Die Sicherstellung der Mobiltelefone erfolgte nach den Bestimmungen der Strafprozessordnung zu Beweiszwecken. Die Sicherstellung wurde auf Anordnung der Staatsanwaltschaft xxx vom 29.12.2023 gemäß § 113 Abs. 1 Z 2 StPO aufgehoben.
Gemäß § 35 Abs. 1 VwGVG hat die im Verfahren über Beschwerden wegen Ausübung unmittelbarer verwaltungsbehördlicher Befehls- und Zwangsgewalt (Art. 130 Abs. 1 Z 2 B-VG) obsiegende Partei Anspruch auf Ersatz ihrer Aufwendungen durch die unterlegene Partei. Wenn die angefochtene Ausübung unmittelbarer verwaltungsbehördlicher Befehls- und Zwangsgewalt für rechtswidrig erklärt wird, dann ist der Beschwerdeführer die obsiegende und die Behörde die unterlegene Partei (§ 35 Abs. 2 VwGVG), wenn die Beschwerde zurückgewiesen oder abgewiesen oder vom Beschwerdeführer vor der Entscheidung durch das Verwaltungsgericht zurückgezogen wird, dann ist die Behörde die obsiegende und der Beschwerdeführer die unterlegene Partei (§ 35 Abs. 3 leg. cit.). Als Aufwendungen im Sinne dieser Bestimmung gelten insbesondere die durch die VwG-Aufwandersatzverordnung – VwG-AufwErsV festgesetzten Pauschalbeträge für den Schriftsatz-, den Verhandlungs- und den Vorlageaufwand. Nach § 35 Abs. 6 VwGVG sind die §§ 52 bis 54 VwGG sinngemäß anzuwenden.

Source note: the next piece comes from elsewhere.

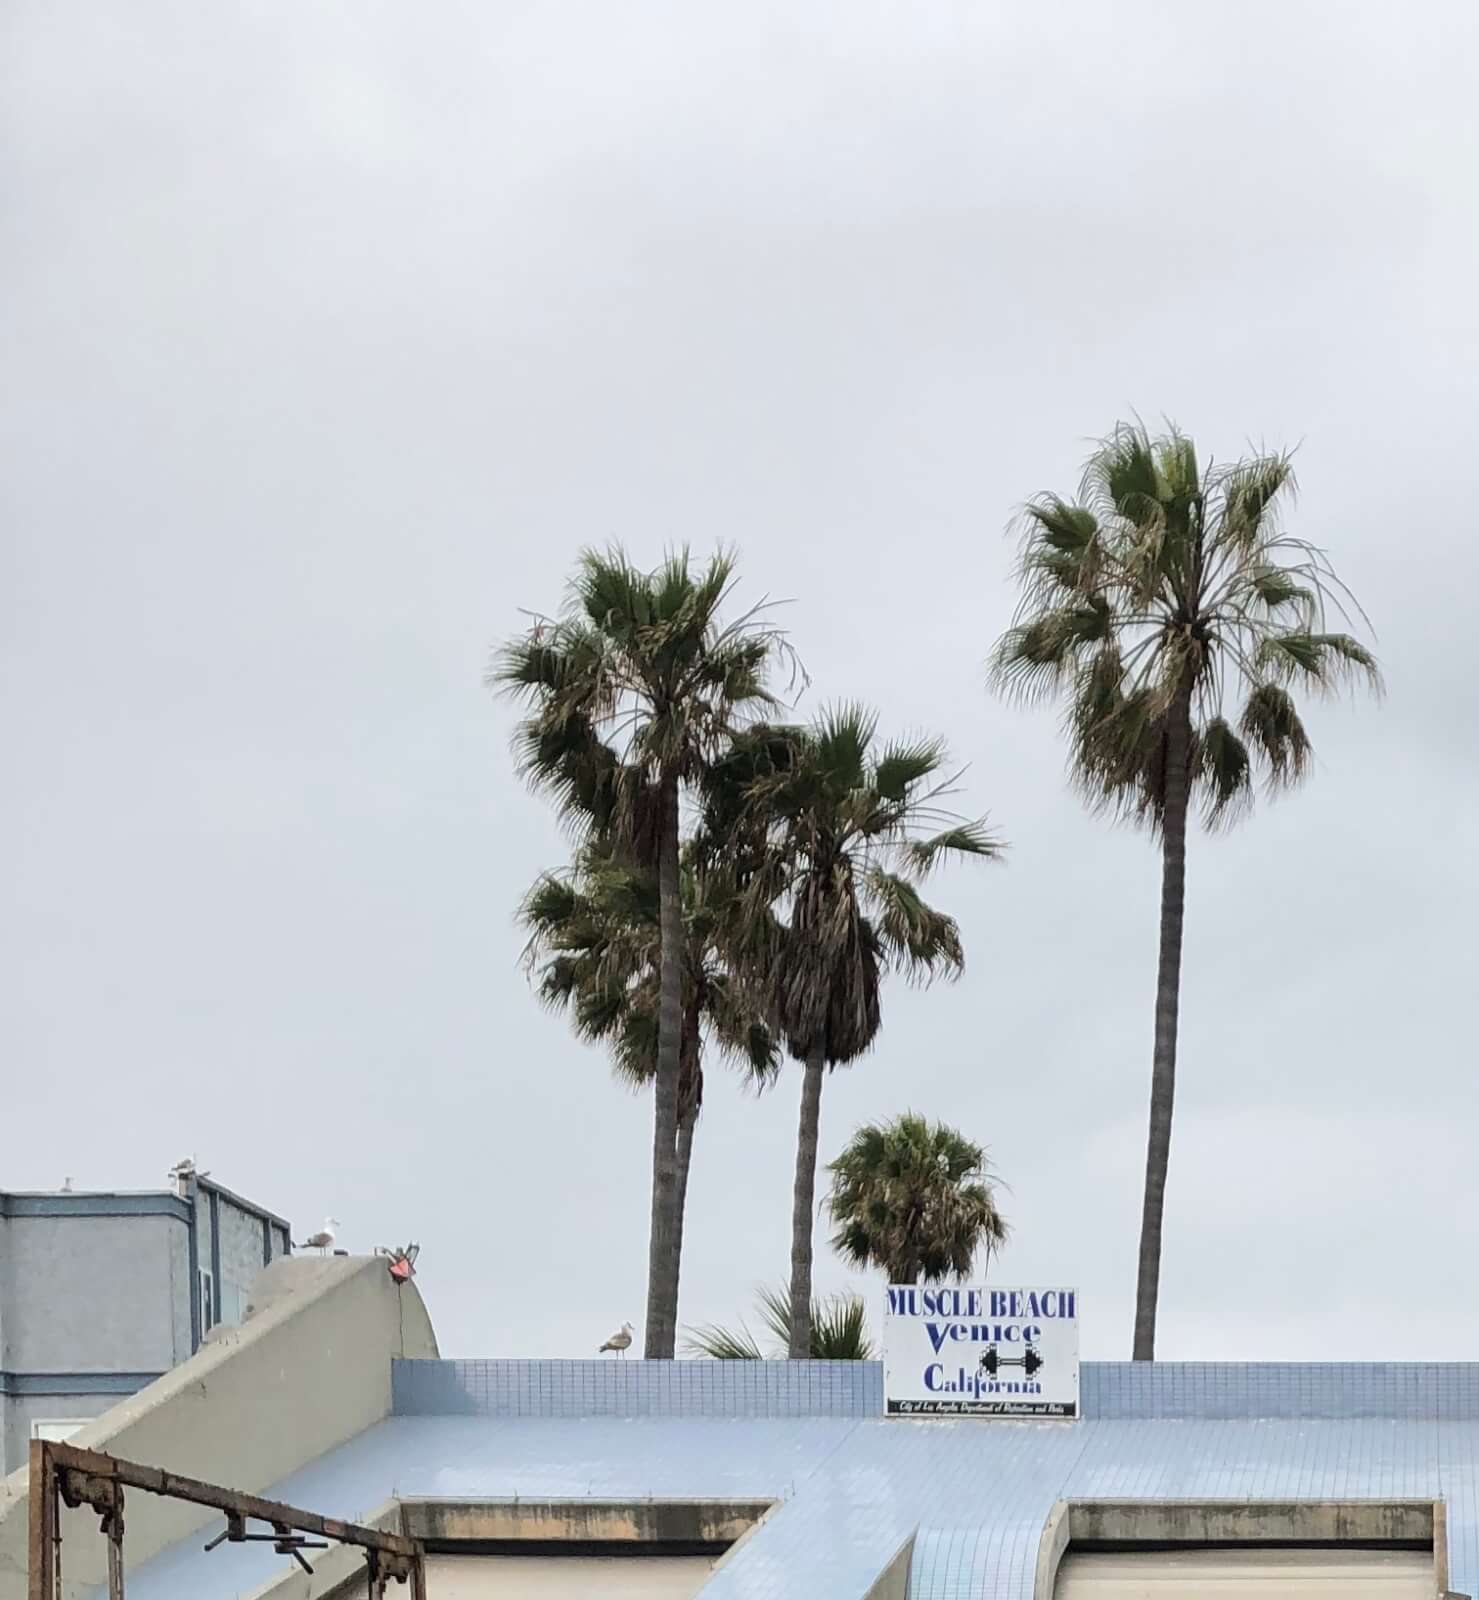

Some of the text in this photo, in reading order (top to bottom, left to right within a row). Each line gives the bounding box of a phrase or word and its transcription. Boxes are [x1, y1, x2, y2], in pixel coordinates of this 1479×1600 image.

Ein Kostenersatzanspruch gemäß § 35 VwGVG besteht dann, wenn sich eine Maßnahmenbeschwerde gegen mehrere Verwaltungsakte richtet und mit der Bekämpfung zumindest eines Verwaltungsaktes davon erfolgreich ist. Für den Ersatzanspruch kommt es darauf an, wie viele Verwaltungsakte der Beschwerdeführer mit einer Maßnahmenbeschwerde erfolgreich angefochten hat. Bei der Ermittlung der Anzahl der Verwaltungsakte kann allerdings nicht allein darauf abgestellt werden, wie die zugrundeliegende Beschwerde strukturiert ist und wie viele Einzelakte sie im Rahmen des bekämpften Amtshandelns zu erkennen vermeint, wesentlich sind vielmehr die behördlichen Feststellungen über das angefochtene Verwaltungsgeschehen, anhand derer zu beurteilen ist, wie viele sachlich und zeitlich trenn- und unterscheidbare Akte, die einer isolierten Betrachtung zugänglich sind, vorliegen, wobei für diese Beurteilung auch der jeweils verfolgte Zweck der Amtshandlung(en) und die infrage kommenden Rechtsverletzungen eine Rolle spielen (VwGH 29.03.2023, Ra 2022/01/0002). Unter Umständen besteht dementsprechend Anspruch auf mehrfachen Schriftsatz- und Verhandlungsaufwand (vgl. etwa VwGH 24.05.2005, 2004/01/0489 und VwGH 10.04.2008, 2006/01/0029).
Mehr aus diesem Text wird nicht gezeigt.